▶ [TASK GOAL]
Down to the last line, reproduce the data that follows, but skip the pictures.

[Saved data entries]
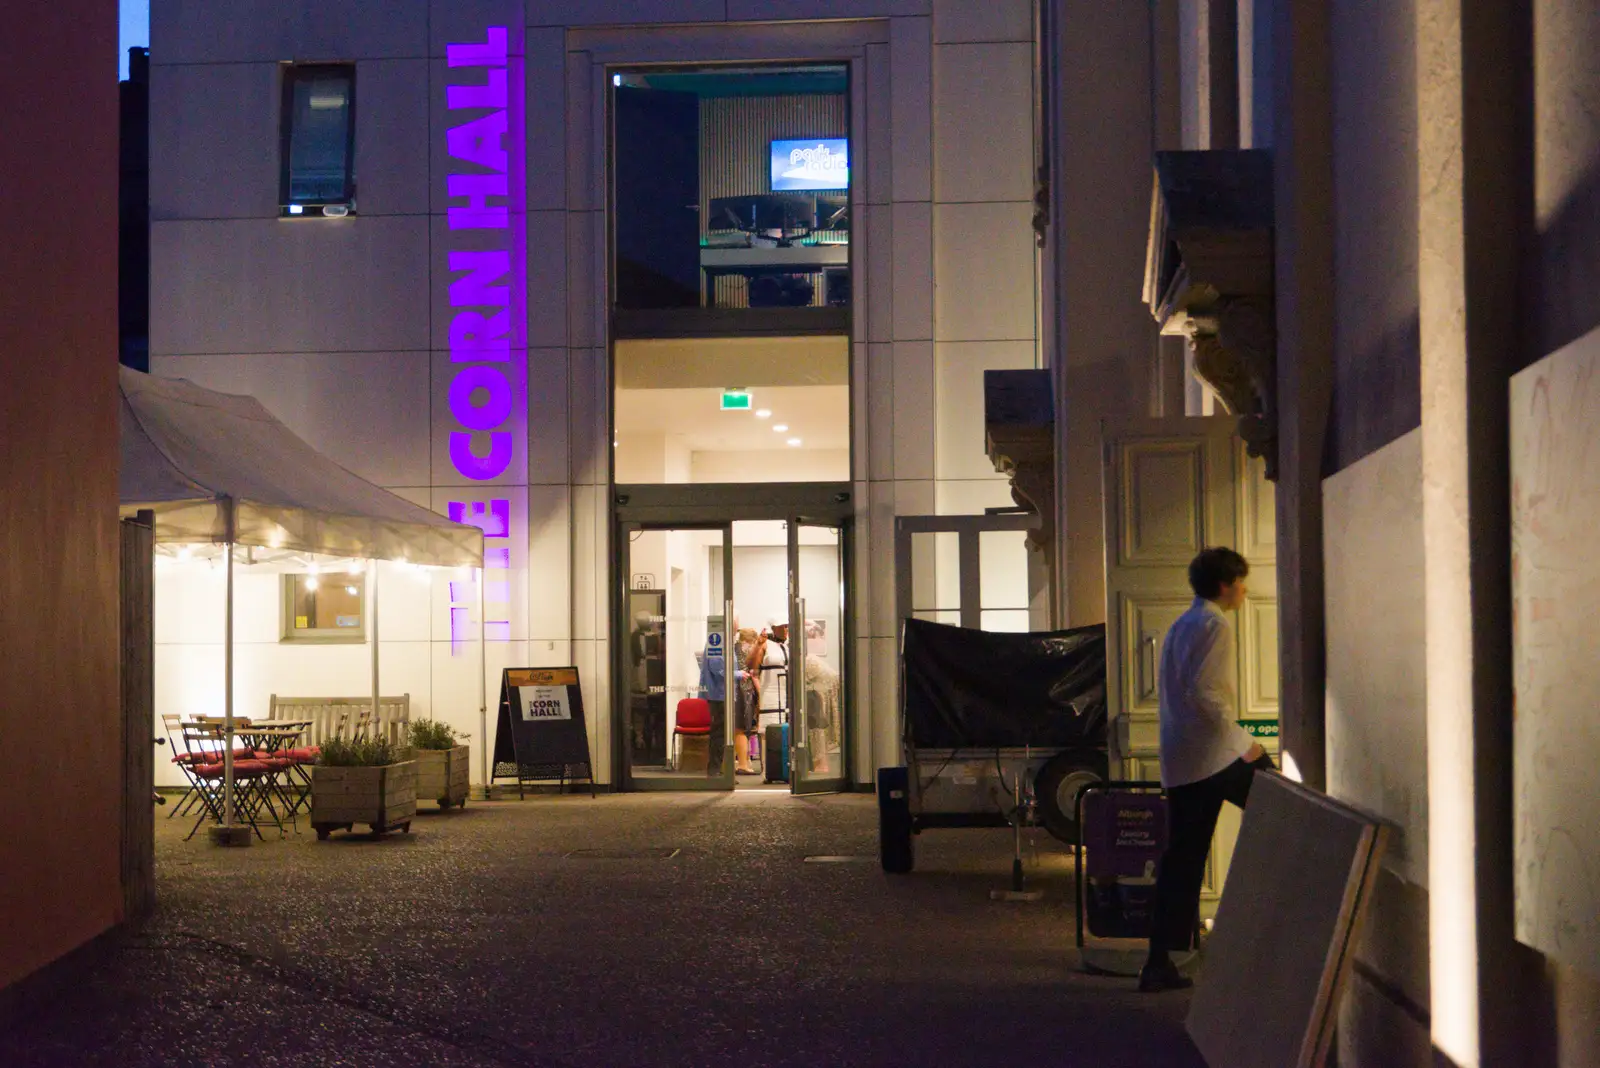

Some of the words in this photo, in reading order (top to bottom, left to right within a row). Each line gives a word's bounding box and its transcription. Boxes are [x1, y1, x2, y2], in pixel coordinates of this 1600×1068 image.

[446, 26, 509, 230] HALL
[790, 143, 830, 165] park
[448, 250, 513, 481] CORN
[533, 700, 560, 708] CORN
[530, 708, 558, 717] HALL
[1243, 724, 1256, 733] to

▶ [EXERCISE RESULT]
Some of the words in this photo, in reading order (top to bottom, left to right within a row). Each line gives a word's bounding box and its transcription. Boxes are [x1, y1, x2, y2], in pixel coordinates of this 1600×1068 image.

[446, 26, 509, 230] HALL
[790, 143, 830, 165] park
[448, 250, 513, 481] CORN
[533, 700, 560, 708] CORN
[530, 708, 558, 717] HALL
[1243, 724, 1256, 733] to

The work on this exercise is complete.